• _EXERCISE OBJECTIVE_: Every record below, from the first line to the last, is to be set down again exactly.

• _DATA TO USE_:
---

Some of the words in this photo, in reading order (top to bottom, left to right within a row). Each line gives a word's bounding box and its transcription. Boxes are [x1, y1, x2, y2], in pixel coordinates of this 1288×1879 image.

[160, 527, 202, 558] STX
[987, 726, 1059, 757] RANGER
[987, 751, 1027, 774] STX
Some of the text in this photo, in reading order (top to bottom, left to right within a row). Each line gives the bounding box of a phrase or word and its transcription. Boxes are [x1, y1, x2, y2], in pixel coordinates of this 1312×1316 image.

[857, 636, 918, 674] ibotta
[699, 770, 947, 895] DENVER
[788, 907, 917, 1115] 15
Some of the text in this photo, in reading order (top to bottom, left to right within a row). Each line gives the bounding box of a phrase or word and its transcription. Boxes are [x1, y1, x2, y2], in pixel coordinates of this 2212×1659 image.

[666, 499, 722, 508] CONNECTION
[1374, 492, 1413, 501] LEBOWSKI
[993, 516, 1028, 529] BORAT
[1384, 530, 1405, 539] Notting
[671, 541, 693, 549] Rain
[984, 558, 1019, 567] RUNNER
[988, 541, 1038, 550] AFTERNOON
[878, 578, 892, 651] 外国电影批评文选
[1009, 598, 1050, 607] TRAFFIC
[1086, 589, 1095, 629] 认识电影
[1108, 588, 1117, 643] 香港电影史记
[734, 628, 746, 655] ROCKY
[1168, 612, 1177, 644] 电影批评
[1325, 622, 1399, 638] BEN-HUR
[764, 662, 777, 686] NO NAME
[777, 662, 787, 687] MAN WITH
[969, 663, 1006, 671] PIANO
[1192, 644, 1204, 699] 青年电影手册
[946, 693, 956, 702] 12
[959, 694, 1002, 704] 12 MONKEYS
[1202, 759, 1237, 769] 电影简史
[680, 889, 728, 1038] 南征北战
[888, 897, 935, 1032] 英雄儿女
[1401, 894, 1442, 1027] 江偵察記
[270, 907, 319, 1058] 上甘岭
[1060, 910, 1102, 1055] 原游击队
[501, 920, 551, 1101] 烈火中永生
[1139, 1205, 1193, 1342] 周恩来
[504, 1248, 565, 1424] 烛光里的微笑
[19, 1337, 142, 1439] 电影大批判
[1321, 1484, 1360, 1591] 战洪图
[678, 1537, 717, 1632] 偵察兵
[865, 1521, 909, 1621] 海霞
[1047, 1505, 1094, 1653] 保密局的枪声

---

• _ANSWER SPACE_:
Some of the words in this photo, in reading order (top to bottom, left to right within a row). Each line gives a word's bounding box and its transcription. Boxes are [x1, y1, x2, y2], in pixel coordinates of this 1288×1879 image.

[160, 527, 202, 558] STX
[987, 726, 1059, 757] RANGER
[987, 751, 1027, 774] STX
Some of the text in this photo, in reading order (top to bottom, left to right within a row). Each line gives the bounding box of a phrase or word and its transcription. Boxes are [x1, y1, x2, y2], in pixel coordinates of this 1312×1316 image.

[857, 636, 918, 674] ibotta
[699, 770, 947, 895] DENVER
[788, 907, 917, 1115] 15
Some of the text in this photo, in reading order (top to bottom, left to right within a row). Each line gives the bounding box of a phrase or word and its transcription. Boxes are [x1, y1, x2, y2], in pixel coordinates of this 2212×1659 image.

[666, 499, 722, 508] CONNECTION
[1374, 492, 1413, 501] LEBOWSKI
[993, 516, 1028, 529] BORAT
[1384, 530, 1405, 539] Notting
[671, 541, 693, 549] Rain
[984, 558, 1019, 567] RUNNER
[988, 541, 1038, 550] AFTERNOON
[878, 578, 892, 651] 外国电影批评文选
[1009, 598, 1050, 607] TRAFFIC
[1086, 589, 1095, 629] 认识电影
[1108, 588, 1117, 643] 香港电影史记
[734, 628, 746, 655] ROCKY
[1168, 612, 1177, 644] 电影批评
[1325, 622, 1399, 638] BEN-HUR
[764, 662, 777, 686] NO NAME
[777, 662, 787, 687] MAN WITH
[969, 663, 1006, 671] PIANO
[1192, 644, 1204, 699] 青年电影手册
[946, 693, 956, 702] 12
[959, 694, 1002, 704] 12 MONKEYS
[1202, 759, 1237, 769] 电影简史
[680, 889, 728, 1038] 南征北战
[888, 897, 935, 1032] 英雄儿女
[1401, 894, 1442, 1027] 江偵察記
[270, 907, 319, 1058] 上甘岭
[1060, 910, 1102, 1055] 原游击队
[501, 920, 551, 1101] 烈火中永生
[1139, 1205, 1193, 1342] 周恩来
[504, 1248, 565, 1424] 烛光里的微笑
[19, 1337, 142, 1439] 电影大批判
[1321, 1484, 1360, 1591] 战洪图
[678, 1537, 717, 1632] 偵察兵
[865, 1521, 909, 1621] 海霞
[1047, 1505, 1094, 1653] 保密局的枪声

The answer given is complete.